Data for this exercise section start
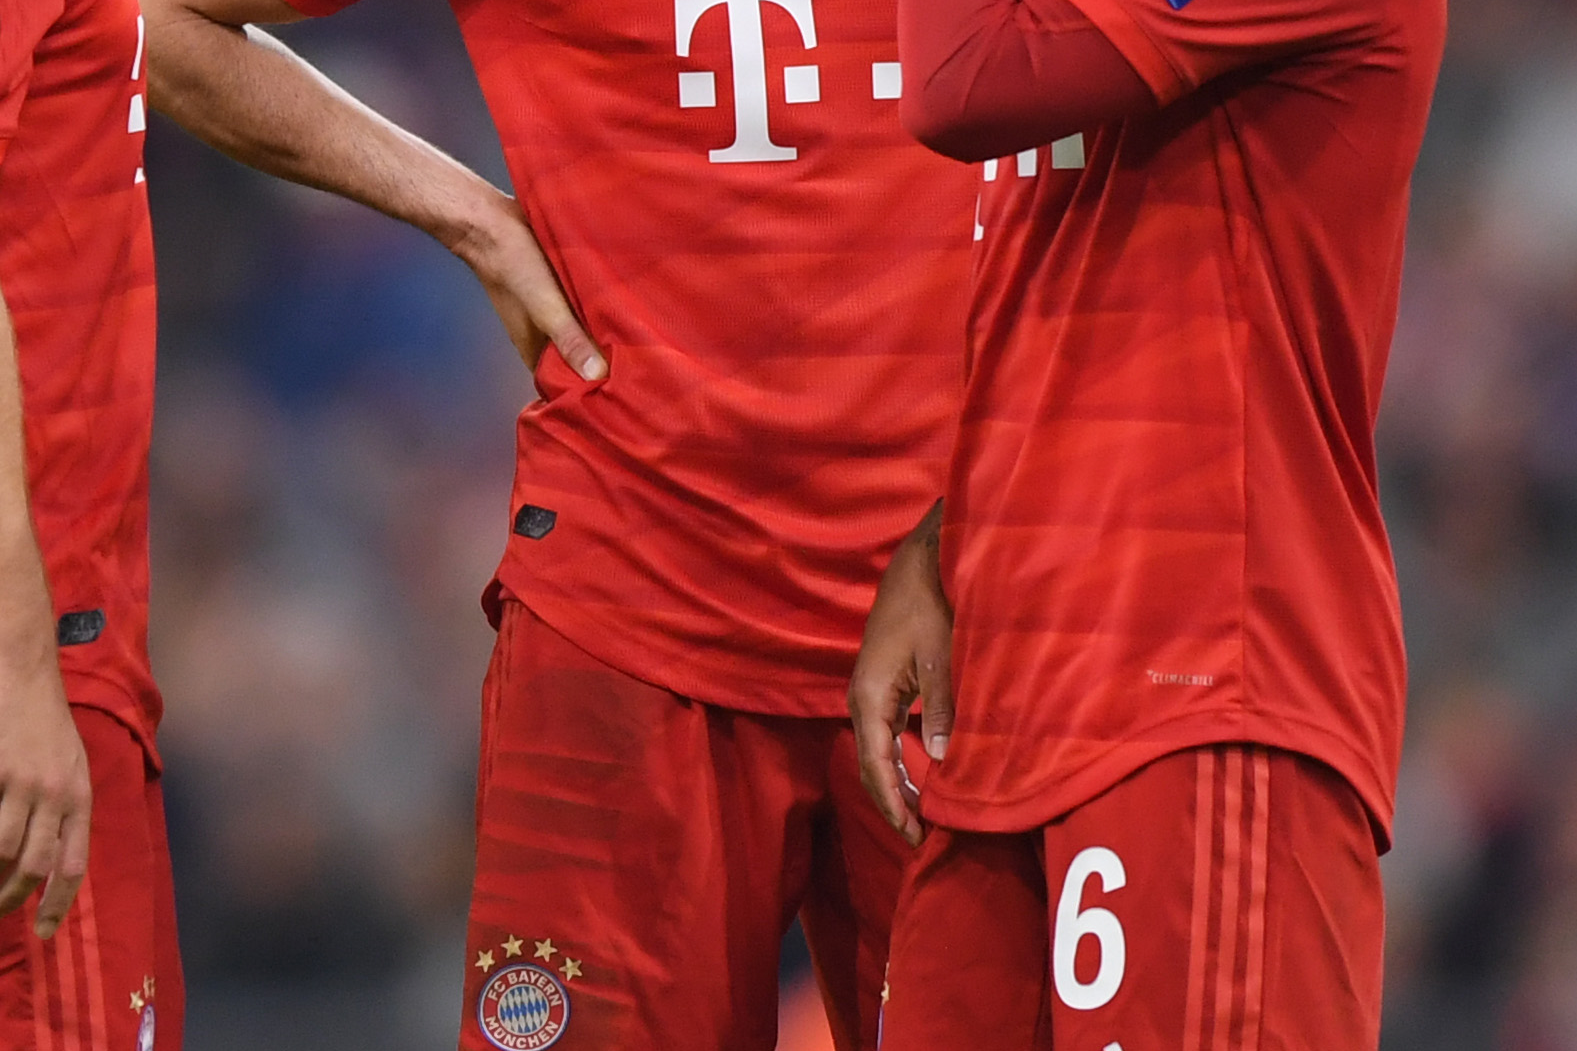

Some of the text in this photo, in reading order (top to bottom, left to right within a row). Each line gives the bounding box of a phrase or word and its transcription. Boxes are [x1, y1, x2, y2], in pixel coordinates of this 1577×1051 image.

[1053, 846, 1126, 1010] 6
[487, 970, 562, 1007] FC BAYERN
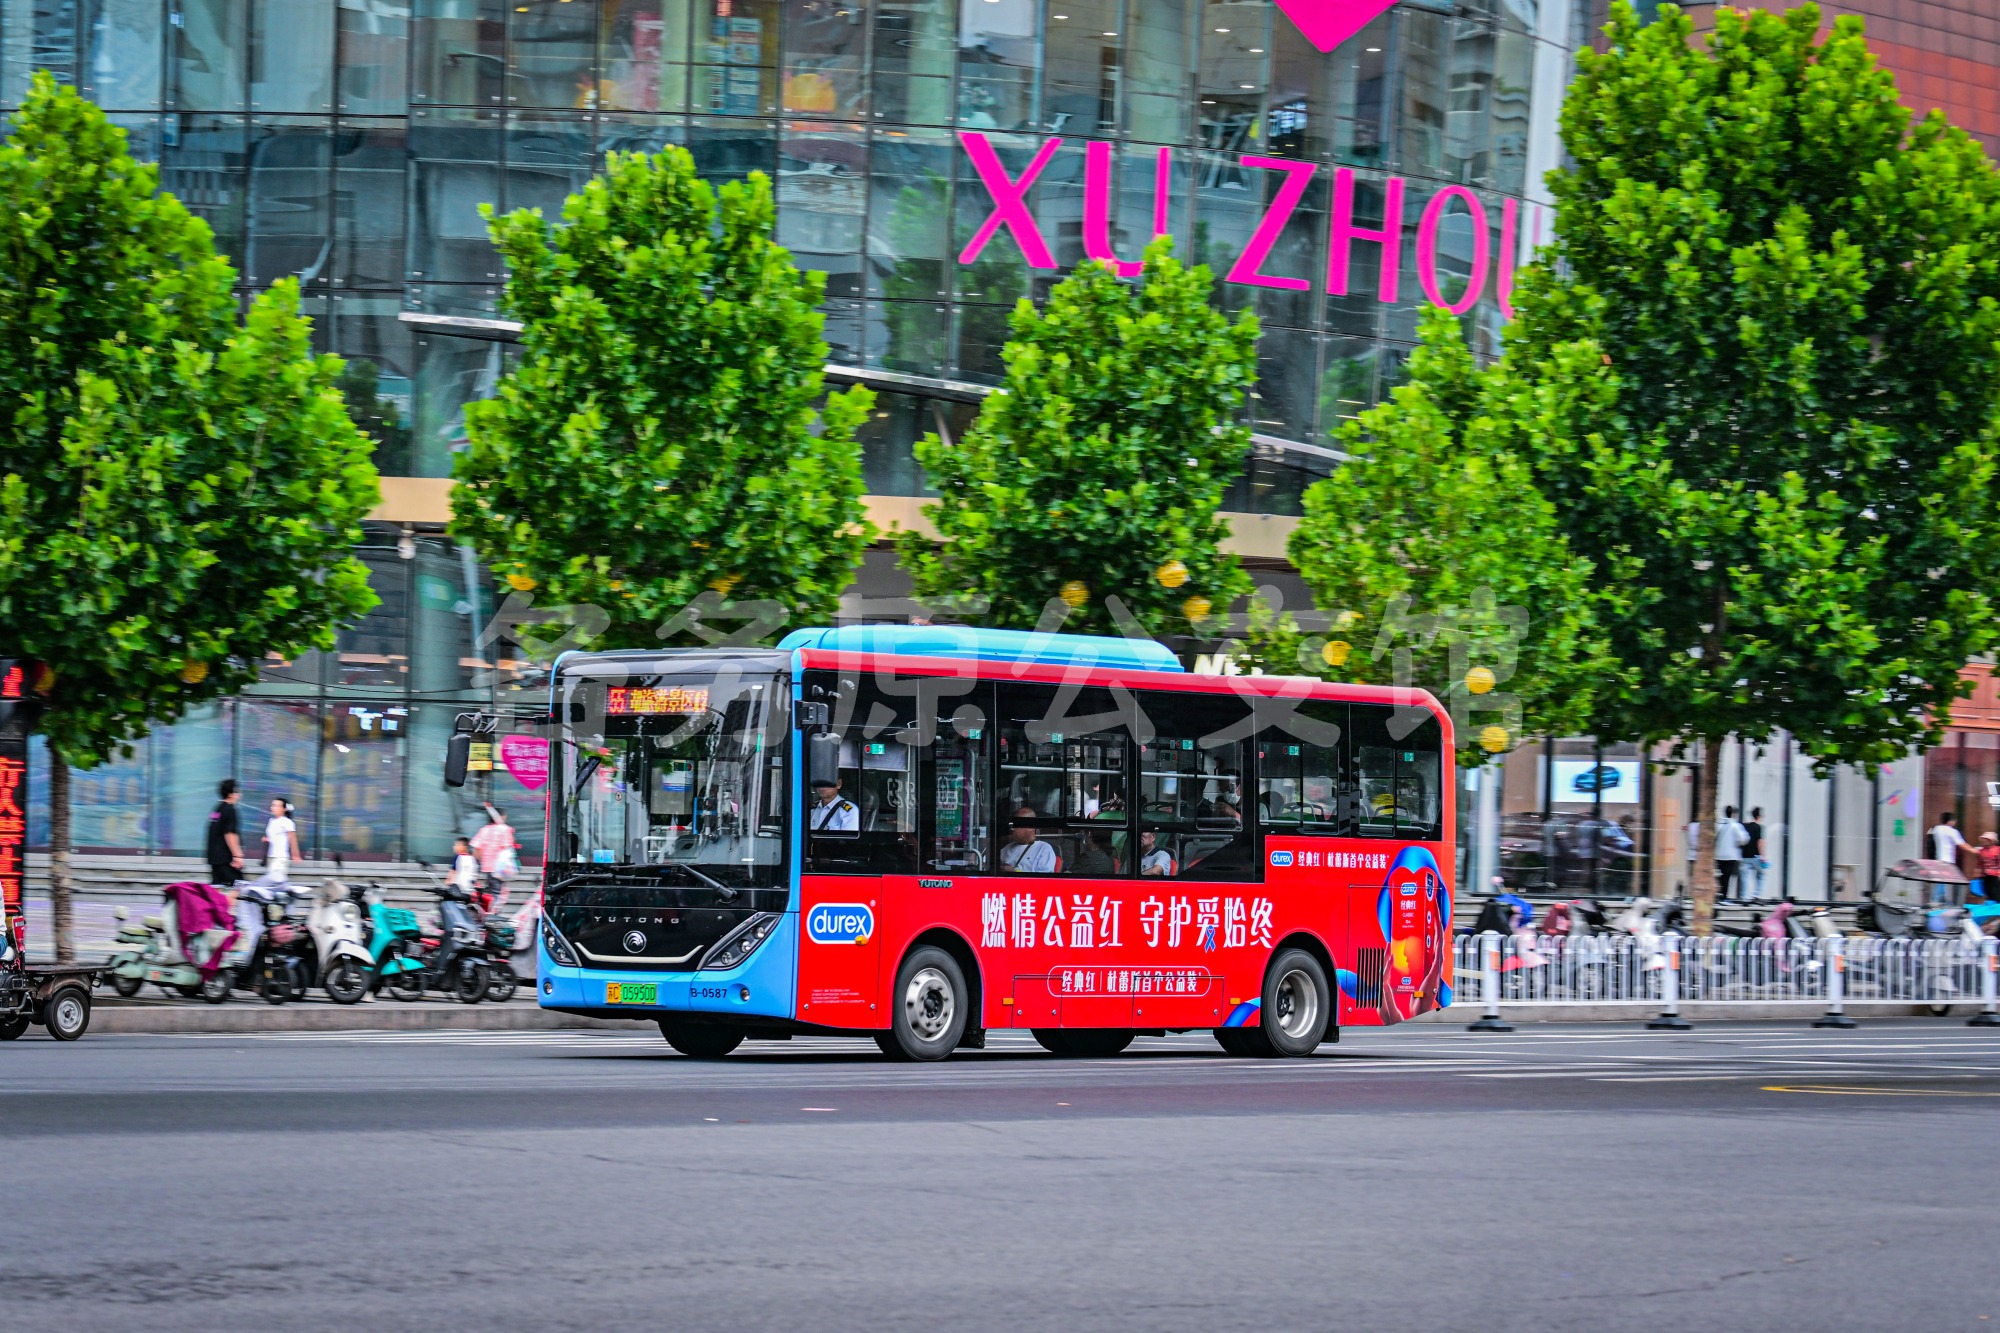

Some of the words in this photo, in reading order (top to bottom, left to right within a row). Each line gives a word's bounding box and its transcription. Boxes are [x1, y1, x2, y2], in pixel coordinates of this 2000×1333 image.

[958, 132, 1170, 277] XU
[1272, 854, 1291, 864] durex
[1298, 851, 1320, 867] 经典红
[1327, 852, 1387, 869] 杜蕾斯首个公益装
[918, 879, 953, 888] YUTONG
[594, 916, 680, 924] YUTONG
[814, 909, 869, 938] durex
[981, 893, 1123, 949] 燃情公益红
[1139, 896, 1274, 949] 守护爱始终
[1062, 970, 1096, 993] 经典红
[1107, 970, 1198, 993] 杜蕾斯首个公益装
[690, 988, 727, 998] B-0587
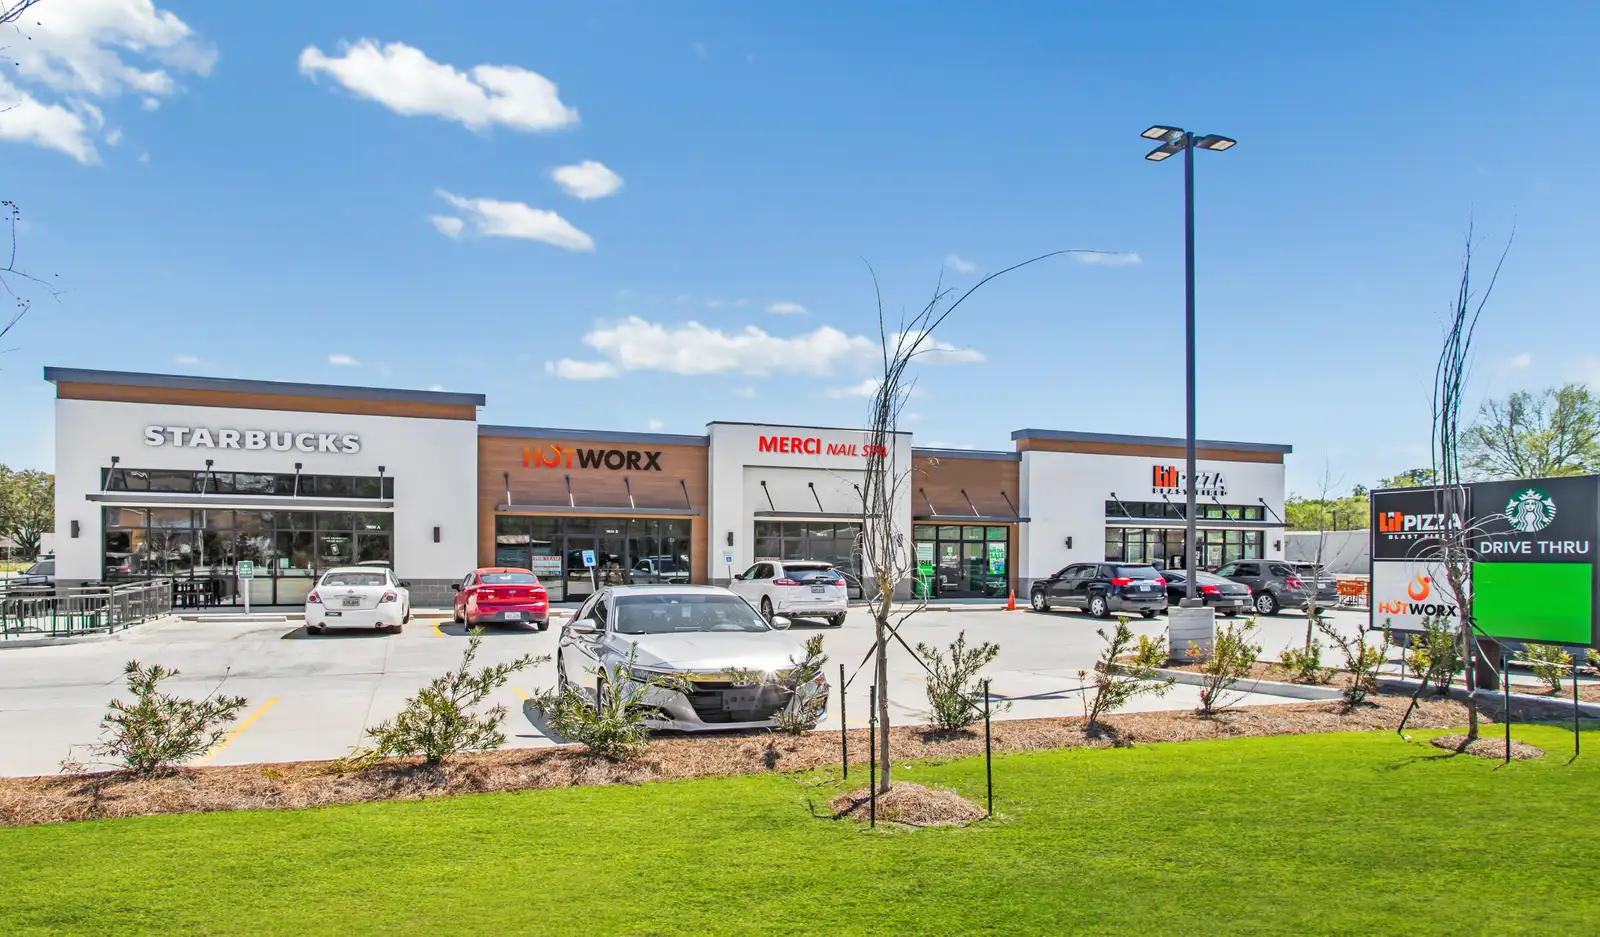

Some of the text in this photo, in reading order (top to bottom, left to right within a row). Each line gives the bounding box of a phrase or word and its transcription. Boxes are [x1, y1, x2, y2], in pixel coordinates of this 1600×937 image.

[144, 425, 361, 454] STARBUCKS
[758, 435, 887, 457] MERCI NAIL SPA
[523, 444, 662, 472] HOTWORX
[1480, 540, 1590, 554] DRIVE THRU
[1379, 600, 1457, 617] HOTWORX
Data for this exercise section end
*Work to be completed*.
Repeat the entries above exactly and skip the images.

*Problem solution*.
Some of the text in this photo, in reading order (top to bottom, left to right within a row). Each line gives the bounding box of a phrase or word and its transcription. Boxes are [x1, y1, x2, y2], in pixel coordinates of this 1577×1051 image.

[1053, 846, 1126, 1010] 6
[487, 970, 562, 1007] FC BAYERN

Some of the words in this photo, in reading order (top to bottom, left to right within a row). Each line gives a word's bounding box and its transcription. Boxes are [x1, y1, x2, y2], in pixel coordinates of this 2000×1333 image.

[958, 132, 1170, 277] XU
[1272, 854, 1291, 864] durex
[1298, 851, 1320, 867] 经典红
[1327, 852, 1387, 869] 杜蕾斯首个公益装
[918, 879, 953, 888] YUTONG
[594, 916, 680, 924] YUTONG
[814, 909, 869, 938] durex
[981, 893, 1123, 949] 燃情公益红
[1139, 896, 1274, 949] 守护爱始终
[1062, 970, 1096, 993] 经典红
[1107, 970, 1198, 993] 杜蕾斯首个公益装
[690, 988, 727, 998] B-0587

Some of the text in this photo, in reading order (top to bottom, left to right within a row). Each line gives the bounding box of a phrase or word and its transcription. Boxes are [x1, y1, x2, y2], in pixel coordinates of this 1600×937 image.

[144, 425, 361, 454] STARBUCKS
[758, 435, 887, 457] MERCI NAIL SPA
[523, 444, 662, 472] HOTWORX
[1480, 540, 1590, 554] DRIVE THRU
[1379, 600, 1457, 617] HOTWORX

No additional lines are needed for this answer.